One of the biggest challenges faced by book editors of collective works is how to ensure that the works included cover varied special areas that converge and integrate. Yet a bigger challenge facing reviewers of collective works is how to summarize these works, when some of the works are outside the (poor) reviewer's specialty.
I faced such a daunting challenge. I do not mean that the editors did a poor job integrating all the works in this volume. In this regard, the editors did a great job choosing works intrinsically linked to the theme of the book: how China's entry in the WTO impacted China's economy.
As the editors put it in their Introduction, "A study of the Chinese economy after entering the WTO should be of importance to practitioners, scholars, and policymakers because of China's vast size, its rapid growth in foreign trade and FDI [Foreign direct investment] inflows, and the unprecedented speed of its integration into the world economy."

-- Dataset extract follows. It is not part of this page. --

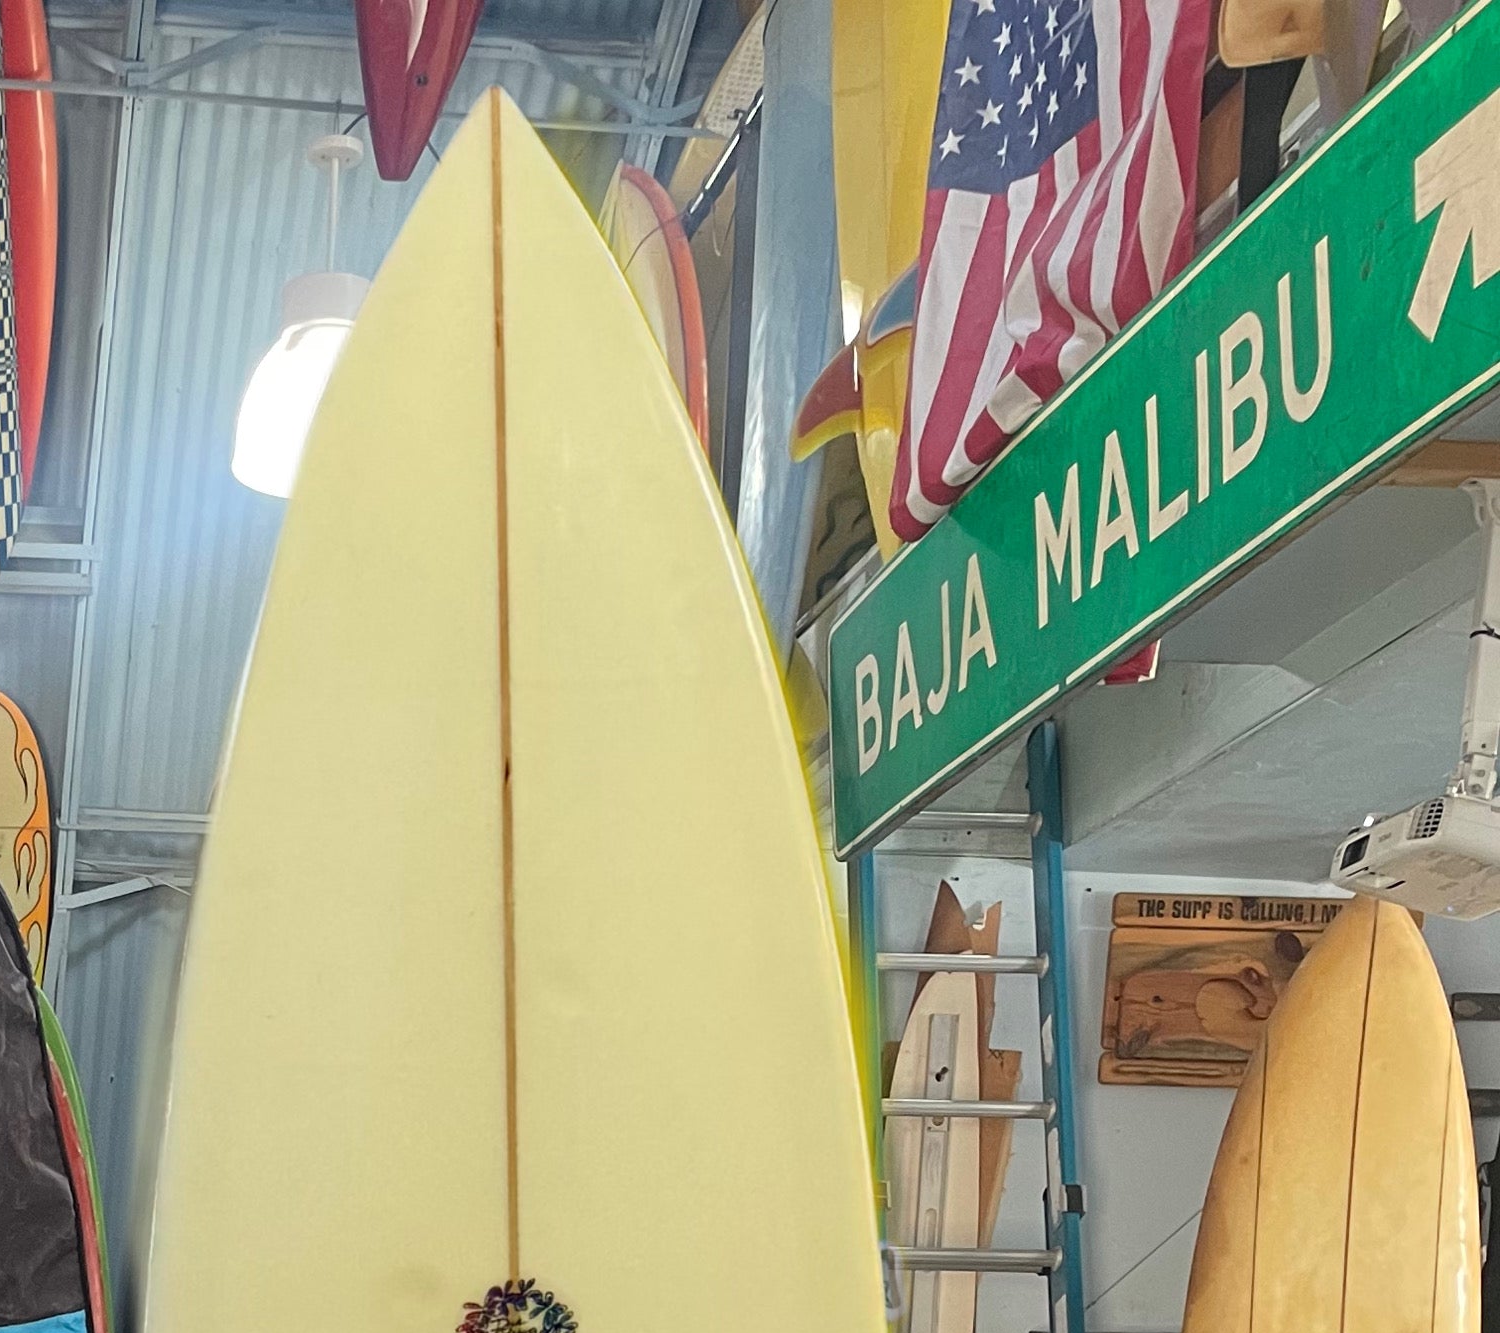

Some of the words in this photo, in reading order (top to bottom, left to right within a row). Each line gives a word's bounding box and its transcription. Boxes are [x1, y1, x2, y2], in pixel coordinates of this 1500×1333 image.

[856, 553, 997, 777] BAJA
[1034, 235, 1332, 630] MALIBU
[1218, 902, 1234, 920] IS

The book has 18 articles and is arranged in four parts. The first part covers economic performance after China's accession to the World Trade Organization and includes four articles. Changhong Pei and Jinjian Shen's article "An Analysis of China's Foreign Trade after WTO Accession" demonstrates that the first year after China's entrance was a "year of harvest" in foreign trade for China. In the second article, "Foreign Direct Investment: Opportunity or Challenge for China after WTO Membership?" Kevin H. Zhang discusses how China deals with the positive and negative effects of FDI. He argues that the result depends primarily on "how China balances technology transfer and domestic market protection." As the title of the third article, "China's WTO Compliance: Commitment and Progress [End Page 415] in the Initial Stage," suggests, author Penelope B. Prime reviews China's WTO compliance in its first two years. The fourth article, titled "After Accession to the WTO: FDI Flows in Western China," is by Ying-Qiu Liu. Liu discusses the impact of China's policy change and the accession to WTO on the development of China's less-developed western region.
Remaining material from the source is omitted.